Records for this exercise Start Marker
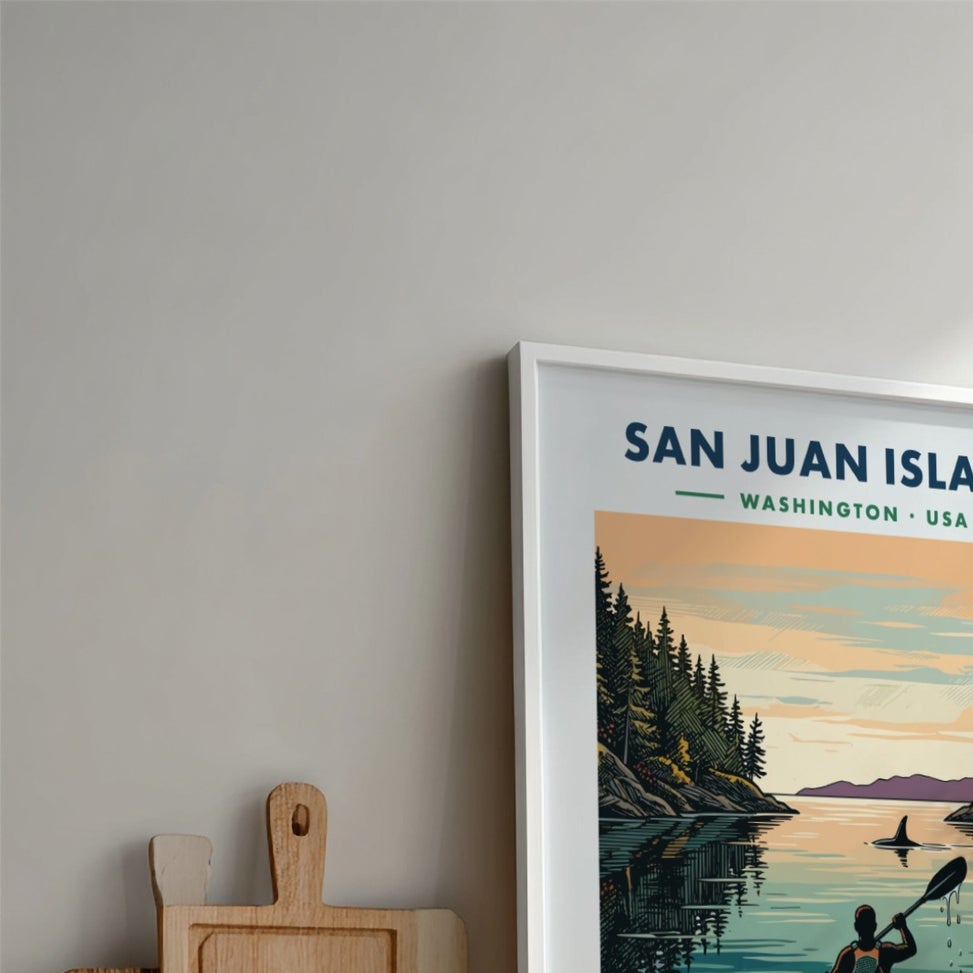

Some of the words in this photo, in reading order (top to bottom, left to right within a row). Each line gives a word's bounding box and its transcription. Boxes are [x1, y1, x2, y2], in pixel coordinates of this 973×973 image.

[624, 421, 724, 469] SAN
[740, 434, 868, 483] JUAN
[739, 492, 898, 522] WASHINGTON
[926, 509, 968, 529] USA
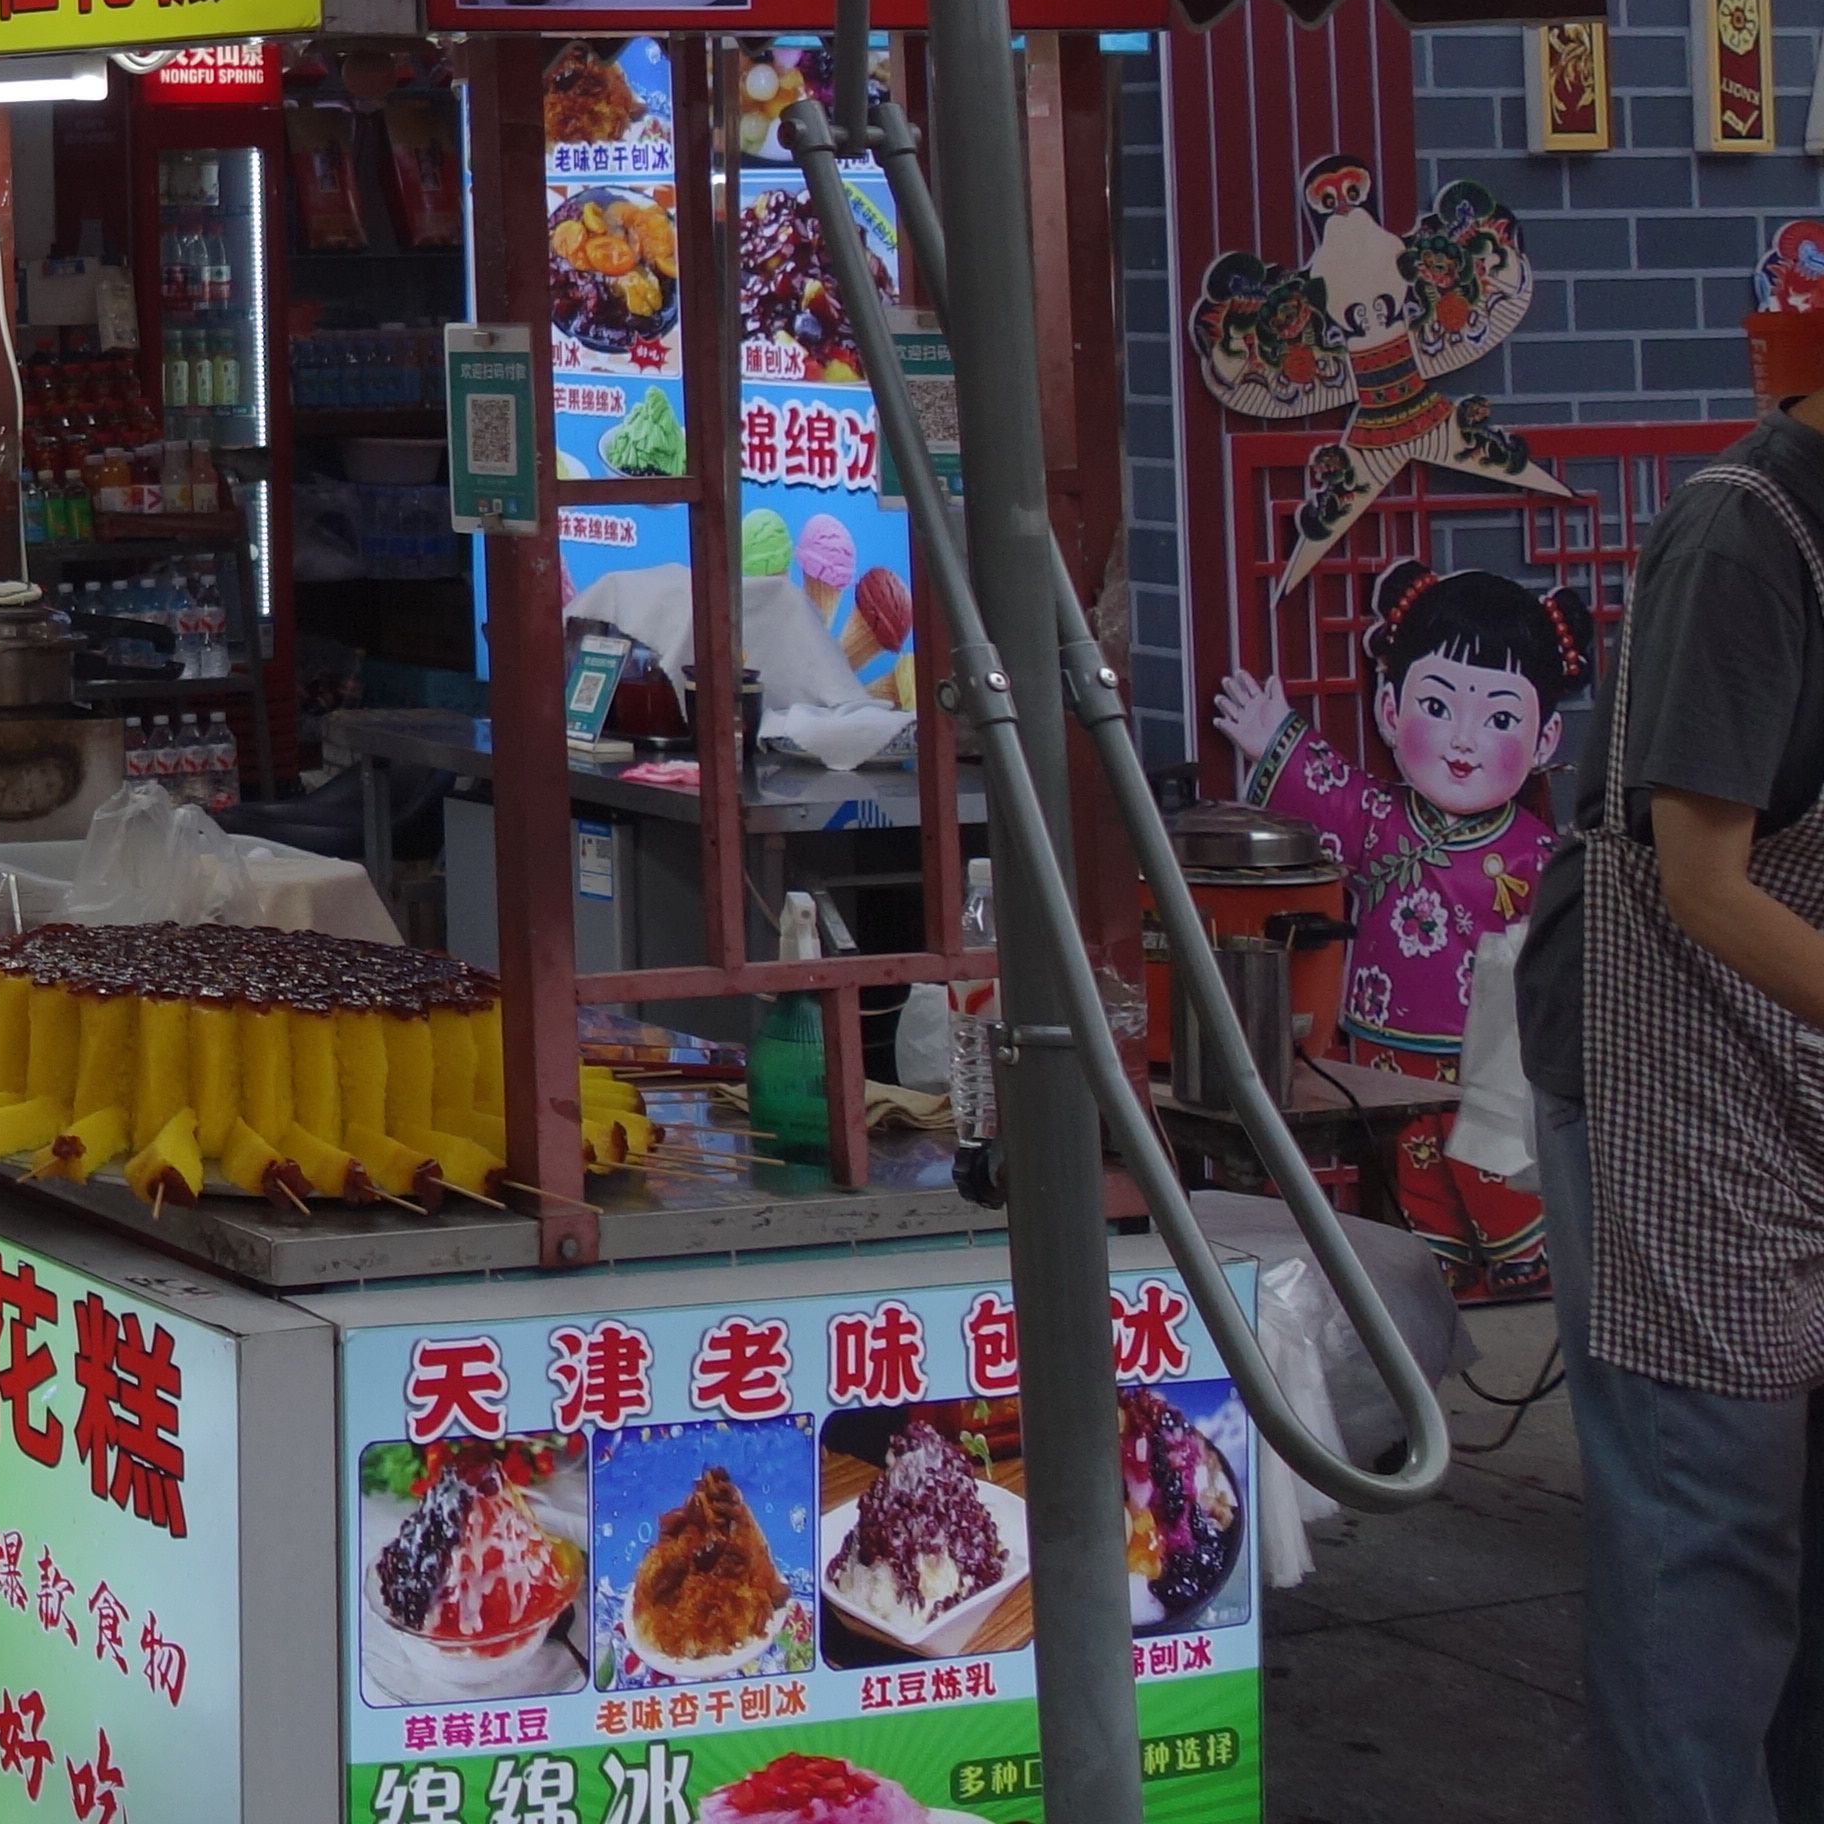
Records for this exercise End Marker
* Work required:
In the copy, no pictures should appear; the records themselves must be repeated exactly.

* Answer to this exercise:
Some of the words in this photo, in reading order (top to bottom, left to right within a row). Each line gives a word's bounding box and its transcription. Boxes are [x1, y1, x2, y2], in pixel coordinates of this 973×973 image.

[624, 421, 724, 469] SAN
[740, 434, 868, 483] JUAN
[739, 492, 898, 522] WASHINGTON
[926, 509, 968, 529] USA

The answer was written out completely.